== Dataset extract ==

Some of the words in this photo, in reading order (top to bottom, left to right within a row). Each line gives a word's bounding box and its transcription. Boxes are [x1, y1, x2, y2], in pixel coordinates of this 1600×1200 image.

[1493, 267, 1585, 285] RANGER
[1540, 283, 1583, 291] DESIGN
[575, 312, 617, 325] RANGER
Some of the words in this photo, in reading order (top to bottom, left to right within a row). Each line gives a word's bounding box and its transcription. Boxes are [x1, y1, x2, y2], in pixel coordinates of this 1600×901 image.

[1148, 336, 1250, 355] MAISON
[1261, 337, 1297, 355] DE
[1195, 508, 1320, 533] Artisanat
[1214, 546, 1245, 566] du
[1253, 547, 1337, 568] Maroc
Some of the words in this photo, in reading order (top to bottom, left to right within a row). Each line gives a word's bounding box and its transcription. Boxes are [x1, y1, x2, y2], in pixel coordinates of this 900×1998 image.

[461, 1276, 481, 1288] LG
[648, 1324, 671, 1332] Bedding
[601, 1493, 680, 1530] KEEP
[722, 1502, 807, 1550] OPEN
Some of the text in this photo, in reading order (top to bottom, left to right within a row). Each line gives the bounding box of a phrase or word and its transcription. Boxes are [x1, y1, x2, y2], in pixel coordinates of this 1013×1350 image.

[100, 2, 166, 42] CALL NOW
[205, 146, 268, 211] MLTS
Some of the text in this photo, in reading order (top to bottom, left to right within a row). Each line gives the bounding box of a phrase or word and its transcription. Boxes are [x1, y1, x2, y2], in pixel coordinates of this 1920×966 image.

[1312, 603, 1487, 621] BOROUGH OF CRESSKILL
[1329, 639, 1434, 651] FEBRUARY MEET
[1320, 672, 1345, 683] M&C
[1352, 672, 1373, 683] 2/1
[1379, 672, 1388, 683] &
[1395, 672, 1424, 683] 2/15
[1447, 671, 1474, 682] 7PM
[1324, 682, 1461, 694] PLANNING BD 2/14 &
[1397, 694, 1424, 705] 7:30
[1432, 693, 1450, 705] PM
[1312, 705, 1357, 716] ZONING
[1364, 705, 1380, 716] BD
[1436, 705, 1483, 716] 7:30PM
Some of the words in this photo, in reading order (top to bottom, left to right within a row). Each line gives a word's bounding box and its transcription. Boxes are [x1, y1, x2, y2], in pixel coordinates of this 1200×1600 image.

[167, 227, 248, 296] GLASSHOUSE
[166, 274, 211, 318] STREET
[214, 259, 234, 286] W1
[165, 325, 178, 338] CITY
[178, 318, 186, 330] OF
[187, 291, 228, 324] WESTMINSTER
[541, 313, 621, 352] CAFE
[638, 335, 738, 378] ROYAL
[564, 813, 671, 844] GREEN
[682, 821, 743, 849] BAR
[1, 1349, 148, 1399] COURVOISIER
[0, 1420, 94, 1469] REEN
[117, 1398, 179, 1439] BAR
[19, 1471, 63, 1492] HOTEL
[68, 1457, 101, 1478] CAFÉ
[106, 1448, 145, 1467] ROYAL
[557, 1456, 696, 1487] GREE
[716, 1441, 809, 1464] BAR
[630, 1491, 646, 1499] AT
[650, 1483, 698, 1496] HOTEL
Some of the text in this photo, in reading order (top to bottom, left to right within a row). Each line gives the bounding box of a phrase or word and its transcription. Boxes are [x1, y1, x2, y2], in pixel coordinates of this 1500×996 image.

===

#### Problem to work on
Copy all the records exactly so that no character differs from the source.

#### Result of this exercise
Some of the words in this photo, in reading order (top to bottom, left to right within a row). Each line gives a word's bounding box and its transcription. Boxes are [x1, y1, x2, y2], in pixel coordinates of this 1600×1200 image.

[1493, 267, 1585, 285] RANGER
[1540, 283, 1583, 291] DESIGN
[575, 312, 617, 325] RANGER
Some of the words in this photo, in reading order (top to bottom, left to right within a row). Each line gives a word's bounding box and its transcription. Boxes are [x1, y1, x2, y2], in pixel coordinates of this 1600×901 image.

[1148, 336, 1250, 355] MAISON
[1261, 337, 1297, 355] DE
[1195, 508, 1320, 533] Artisanat
[1214, 546, 1245, 566] du
[1253, 547, 1337, 568] Maroc
Some of the words in this photo, in reading order (top to bottom, left to right within a row). Each line gives a word's bounding box and its transcription. Boxes are [x1, y1, x2, y2], in pixel coordinates of this 900×1998 image.

[461, 1276, 481, 1288] LG
[648, 1324, 671, 1332] Bedding
[601, 1493, 680, 1530] KEEP
[722, 1502, 807, 1550] OPEN
Some of the text in this photo, in reading order (top to bottom, left to right within a row). Each line gives the bounding box of a phrase or word and its transcription. Boxes are [x1, y1, x2, y2], in pixel coordinates of this 1013×1350 image.

[100, 2, 166, 42] CALL NOW
[205, 146, 268, 211] MLTS
Some of the text in this photo, in reading order (top to bottom, left to right within a row). Each line gives the bounding box of a phrase or word and its transcription. Boxes are [x1, y1, x2, y2], in pixel coordinates of this 1920×966 image.

[1312, 603, 1487, 621] BOROUGH OF CRESSKILL
[1329, 639, 1434, 651] FEBRUARY MEET
[1320, 672, 1345, 683] M&C
[1352, 672, 1373, 683] 2/1
[1379, 672, 1388, 683] &
[1395, 672, 1424, 683] 2/15
[1447, 671, 1474, 682] 7PM
[1324, 682, 1461, 694] PLANNING BD 2/14 &
[1397, 694, 1424, 705] 7:30
[1432, 693, 1450, 705] PM
[1312, 705, 1357, 716] ZONING
[1364, 705, 1380, 716] BD
[1436, 705, 1483, 716] 7:30PM
Some of the words in this photo, in reading order (top to bottom, left to right within a row). Each line gives a word's bounding box and its transcription. Boxes are [x1, y1, x2, y2], in pixel coordinates of this 1200×1600 image.

[167, 227, 248, 296] GLASSHOUSE
[166, 274, 211, 318] STREET
[214, 259, 234, 286] W1
[165, 325, 178, 338] CITY
[178, 318, 186, 330] OF
[187, 291, 228, 324] WESTMINSTER
[541, 313, 621, 352] CAFE
[638, 335, 738, 378] ROYAL
[564, 813, 671, 844] GREEN
[682, 821, 743, 849] BAR
[1, 1349, 148, 1399] COURVOISIER
[0, 1420, 94, 1469] REEN
[117, 1398, 179, 1439] BAR
[19, 1471, 63, 1492] HOTEL
[68, 1457, 101, 1478] CAFÉ
[106, 1448, 145, 1467] ROYAL
[557, 1456, 696, 1487] GREE
[716, 1441, 809, 1464] BAR
[630, 1491, 646, 1499] AT
[650, 1483, 698, 1496] HOTEL
Some of the text in this photo, in reading order (top to bottom, left to right within a row). Each line gives the bounding box of a phrase or word and its transcription. Boxes are [x1, y1, x2, y2], in pixel coordinates of this 1500×996 image.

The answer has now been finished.